The fallacy of “best practice” lies in the belief that your circumstances mirror exactly those of the situation where the “best practice” produced its results, and if so, it should just be 'plug and play.' We think this way because the brain's preferred problem solving routine is to first look to established patterns of recognition and response for the 'answer.' This takes less energy and gives us a 'truth' we can act upon. Our brain will even deny clearly conflicting data to stick with this plausible story, unless there really is convincing evidence to the contrary.
This strategy works quite well, unless the brain encounters a new or novel situation for which it does not have an established pattern. In this case, trying to force a pattern onto a situation that doesn't exactly fit invites the risk of mistake, error and a decision that may not be the best one available. We depend on our prefrontal cortex to weigh the evidence and recognize when the pattern is not quite acceptable. Only then will the prefrontal cortex bring its vast power of analysis to bear and entertain various possibilities while searching for an acceptable response. We are unaware of most of this process; all we perceive is that satisfactory response our brain has decided upon. If none are found, only then is our brain willing to expend even more energy to be creative and innovate a totally new way of responding.
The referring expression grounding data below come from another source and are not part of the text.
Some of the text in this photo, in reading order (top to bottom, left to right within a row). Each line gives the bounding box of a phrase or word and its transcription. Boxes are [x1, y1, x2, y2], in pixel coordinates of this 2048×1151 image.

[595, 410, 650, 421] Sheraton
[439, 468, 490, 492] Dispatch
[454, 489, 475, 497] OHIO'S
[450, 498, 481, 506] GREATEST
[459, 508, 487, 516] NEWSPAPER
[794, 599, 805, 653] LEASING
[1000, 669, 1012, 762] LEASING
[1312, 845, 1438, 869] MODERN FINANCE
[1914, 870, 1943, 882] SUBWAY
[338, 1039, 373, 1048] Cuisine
Like those established patterns in our brain, it takes much less energy to just adopt the “best practice.” This appears to be easier up front, but is problematic because few situations are exactly the same. Each ED has its own unique features. Best practices are not an answer; they are a starting point- another of the many possible responses that must then be evaluated against those unique circumstances. If it does not fit exactly, then trying to implement it can lead to problems, a failed attempt, and wasted time.
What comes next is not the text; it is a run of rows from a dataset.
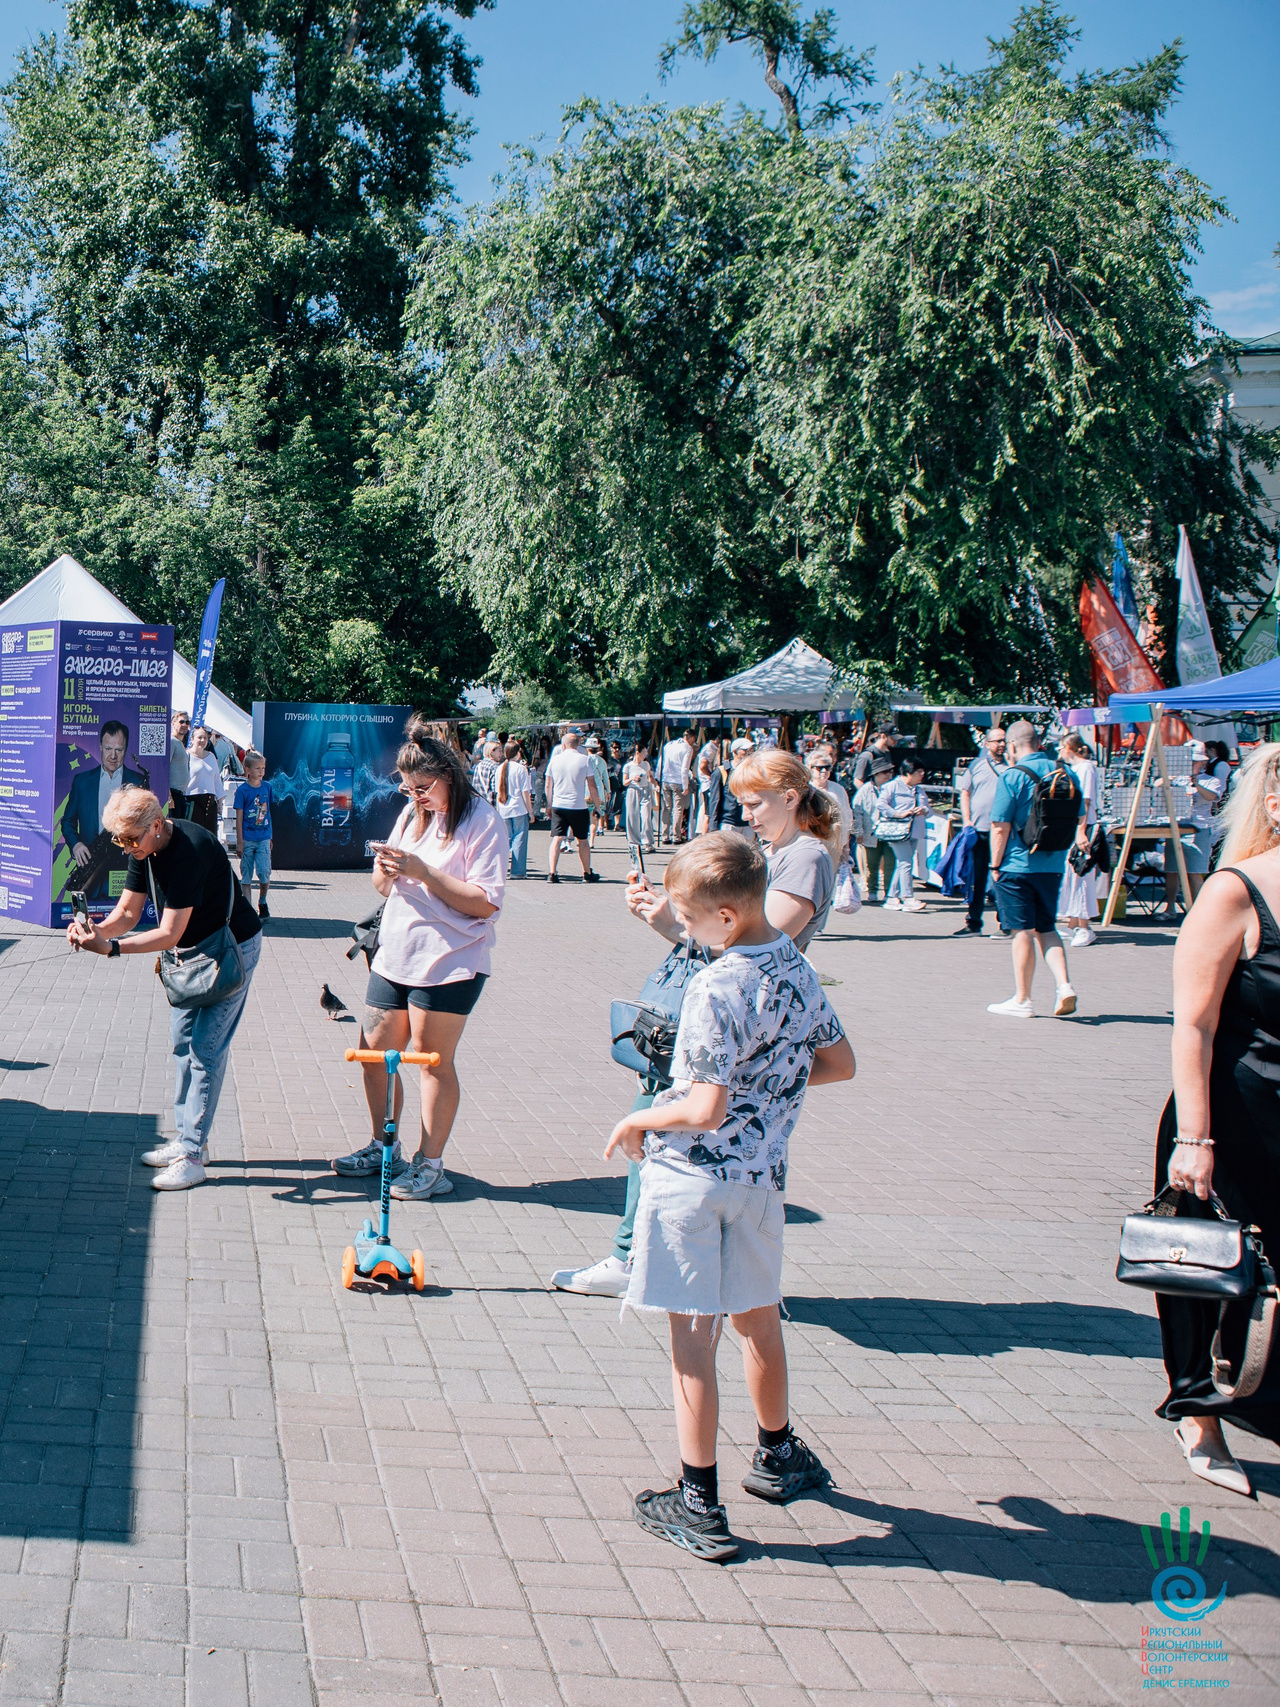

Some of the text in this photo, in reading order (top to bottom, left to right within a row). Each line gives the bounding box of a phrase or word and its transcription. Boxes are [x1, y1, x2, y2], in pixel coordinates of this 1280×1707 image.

[64, 678, 75, 700] 11
[64, 704, 92, 713] ИГОРЬ
[64, 714, 99, 724] БУТМАН
[284, 713, 394, 724] ГЛУБИНА, КОТОРУЮ СЛЫШНО
[322, 769, 336, 827] BAIKAL
But if it still seems promising, then maybe it can be adapted. To discover that requires the input, involvement and participation of everyone who will be impacted by it. A problem is like a prism; it has many facets and you, individually, can only see one. To get a full view of the entire prism requires learning what each person sees in their facet. This requires collaboration and a respect for each person’s view as a legitimate and important factor in understanding what makes your circumstances unique. This does take some up front effort that many people consider unnecessary, but, as crazy as it sounds, taking the time to embrace the resistance you observe- by seeking it out, honoring it as possibly valid, and committing yourself to reconciling it- provides the path to unlock the full view of the prism- for you and, as importantly, for them. And, paradoxically, the time spent doing that results in way less time to figure out if the standard works or not.
However, no one will participate with you in this effort if they do not find you credible- someone with their interests at heart and committed to teasing out the viable options, even if they are not immediately recognizable. This takes a commitment to always use the ''right' data (see Good Metrics Gone Wrong and Good Metrics Back on Track in the previous newsletters) and always pursue the 'right' standards.
And, like data for successful improvement, how we select the standards we use and our ability to successfully involve everyone in devising them depends on the credibility of our relationship with those affected by those standards. The loss of credibility and trust that results when we do otherwise often derails even the best intentioned improvement efforts.
“Pull to full” can be an excellent technique when there is the space and the staff available for that next patient. It can help you stay ahead of the arrivals and avoid overload to an extent. But once 'full' –which includes not just having all the spaces occupied, but also by having all the staff occupied with an ill patient or two- it cannot get you caught up to restore the capacity to see that next patient. That requires other decisions and another strategy to address the overload and preserve patient flow. The challenges with “pull to full,” as well as any standard, are the important features in your circumstances that must be worked out to get the standard on track.